Publié le par lefilmdujour

Andrew V. McLaglen (1920-2014)
Fils de Victor McLaglen, acteur "fordien" oscarisé pour le rôle-titre du Mouchard (1935) de John Ford, le réalisateur anglo-américain Andrew V. McLaglen est décédé le 30 août 2014 à l’âge de 94 ans.
Très jeune, sur les talons de son père, il est amené à fréquenter les plateaux de cinéma et à côtoyer John Wayne et John Ford. Il débute dans le métier au milieu des années 1940 comme assistant-réalisateur auprès de cinéastes comme Budd Boetticher ou William Wellman.
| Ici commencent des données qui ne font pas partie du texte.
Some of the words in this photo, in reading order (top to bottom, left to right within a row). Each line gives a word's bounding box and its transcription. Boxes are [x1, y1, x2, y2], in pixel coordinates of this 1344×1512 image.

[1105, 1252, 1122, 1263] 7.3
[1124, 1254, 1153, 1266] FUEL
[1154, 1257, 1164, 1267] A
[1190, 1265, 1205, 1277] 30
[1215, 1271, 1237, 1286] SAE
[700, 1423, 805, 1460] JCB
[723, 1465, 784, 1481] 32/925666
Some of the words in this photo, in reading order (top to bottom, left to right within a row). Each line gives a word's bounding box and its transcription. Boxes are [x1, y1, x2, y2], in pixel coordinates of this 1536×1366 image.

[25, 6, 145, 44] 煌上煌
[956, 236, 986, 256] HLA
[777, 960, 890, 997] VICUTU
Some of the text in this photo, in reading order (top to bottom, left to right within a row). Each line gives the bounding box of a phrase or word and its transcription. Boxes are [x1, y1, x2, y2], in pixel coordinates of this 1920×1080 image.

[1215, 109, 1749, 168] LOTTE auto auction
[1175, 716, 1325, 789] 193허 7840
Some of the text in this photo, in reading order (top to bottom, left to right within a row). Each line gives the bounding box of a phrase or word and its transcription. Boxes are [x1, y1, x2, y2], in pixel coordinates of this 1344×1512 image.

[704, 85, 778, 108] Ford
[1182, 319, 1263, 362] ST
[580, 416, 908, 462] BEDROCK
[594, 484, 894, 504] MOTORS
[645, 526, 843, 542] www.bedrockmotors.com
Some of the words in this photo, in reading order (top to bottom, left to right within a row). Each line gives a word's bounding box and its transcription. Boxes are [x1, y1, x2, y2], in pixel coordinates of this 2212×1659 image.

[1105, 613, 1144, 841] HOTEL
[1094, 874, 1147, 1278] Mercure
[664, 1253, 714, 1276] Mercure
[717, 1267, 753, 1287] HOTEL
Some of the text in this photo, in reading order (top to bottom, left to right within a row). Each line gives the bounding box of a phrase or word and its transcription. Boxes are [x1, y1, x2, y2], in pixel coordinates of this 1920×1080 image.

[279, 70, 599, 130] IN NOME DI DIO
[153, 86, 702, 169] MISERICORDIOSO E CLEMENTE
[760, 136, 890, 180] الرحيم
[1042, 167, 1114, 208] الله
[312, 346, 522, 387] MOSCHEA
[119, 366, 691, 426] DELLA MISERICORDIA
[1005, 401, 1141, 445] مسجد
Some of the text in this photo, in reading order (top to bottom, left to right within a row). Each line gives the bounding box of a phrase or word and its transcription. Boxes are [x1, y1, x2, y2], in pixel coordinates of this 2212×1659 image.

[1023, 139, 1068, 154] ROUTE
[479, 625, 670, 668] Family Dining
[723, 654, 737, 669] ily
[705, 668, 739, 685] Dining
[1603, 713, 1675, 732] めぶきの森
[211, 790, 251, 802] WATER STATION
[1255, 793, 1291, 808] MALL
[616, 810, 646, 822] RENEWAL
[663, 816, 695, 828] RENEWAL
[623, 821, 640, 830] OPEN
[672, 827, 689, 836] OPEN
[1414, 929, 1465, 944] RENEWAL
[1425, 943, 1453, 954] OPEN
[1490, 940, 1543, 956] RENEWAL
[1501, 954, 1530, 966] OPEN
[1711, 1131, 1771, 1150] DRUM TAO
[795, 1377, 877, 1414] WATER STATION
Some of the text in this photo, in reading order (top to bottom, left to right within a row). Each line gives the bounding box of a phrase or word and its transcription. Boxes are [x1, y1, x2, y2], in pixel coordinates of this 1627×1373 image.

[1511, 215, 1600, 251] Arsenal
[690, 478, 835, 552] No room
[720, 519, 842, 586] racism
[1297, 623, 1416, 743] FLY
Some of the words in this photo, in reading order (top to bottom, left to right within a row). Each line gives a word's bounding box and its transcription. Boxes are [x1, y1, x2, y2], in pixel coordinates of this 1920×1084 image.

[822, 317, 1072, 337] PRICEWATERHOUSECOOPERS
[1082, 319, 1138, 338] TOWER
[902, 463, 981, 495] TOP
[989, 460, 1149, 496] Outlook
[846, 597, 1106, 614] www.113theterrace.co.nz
Après avoir signé quelques films de série B et bouclé de nombreux épisodes de série TV (Rawhide, avec Clint Eastwood, notamment), Andrew V. McLaglen passe à un niveau supérieur en 1963 en dirigeant John Wayne et Maureen O’Hara dans Le grand McLintock.
Andrew V. McLaglen (1920-2014)

James Stewart, Dean Martin et Raquel Welch dans Bandolero d'Andrew V. McLaglen

Vont alors s’enchaîner une pléthore de westerns plus ou moins crépusculaires comme Les prairies de l’honneur (1965) et Rancho Bravo (1965) avec James Stewart, La route de l’Ouest (1967) avec Kirk Douglas, Robert Mitchum et Richard Widmark, Bandolero (1968) avec James Stewart, Dean Martin et Raquel Welch, Les géants de l’Ouest (1969) avec John Wayne et Rock Hudson, Chisum (1970) avec John Wayne, Le dernier train pour Frisco (1970) avec George Peppard, Rio Verde (1970) avec Dean Martin, Les cordes de la potence (1973) avec John Wayne ou La loi de la haine (1976) avec Charlton Heston et James Coburn.
Andrew V. McLaglen (1920-2014)

Les oies sauvages, un film d'Andrew V. McLaglen

Le genre western jetant ses derniers feux, Andrew V. McLaglen se spécialise ensuite dans le film de guerre avec des incontournables comme Les oies sauvages (1978) avec Richard Burton, Roger Moore, Richard Harris, Hardy Krüger et Stewart Granger, La percée d’Avranches (1979) avec le même Richard Burton, Rod Steiger, Robert Mitchum et Curd Jürgens, ou Le commando de Sa Majesté (1980) avec Gregory Peck, David Niven, Roger Moore et Trevor Howard. Il termine sa carrière de réalisateur de cinéma sur une adaptation d’un SAS : L’œil de la veuve (1989).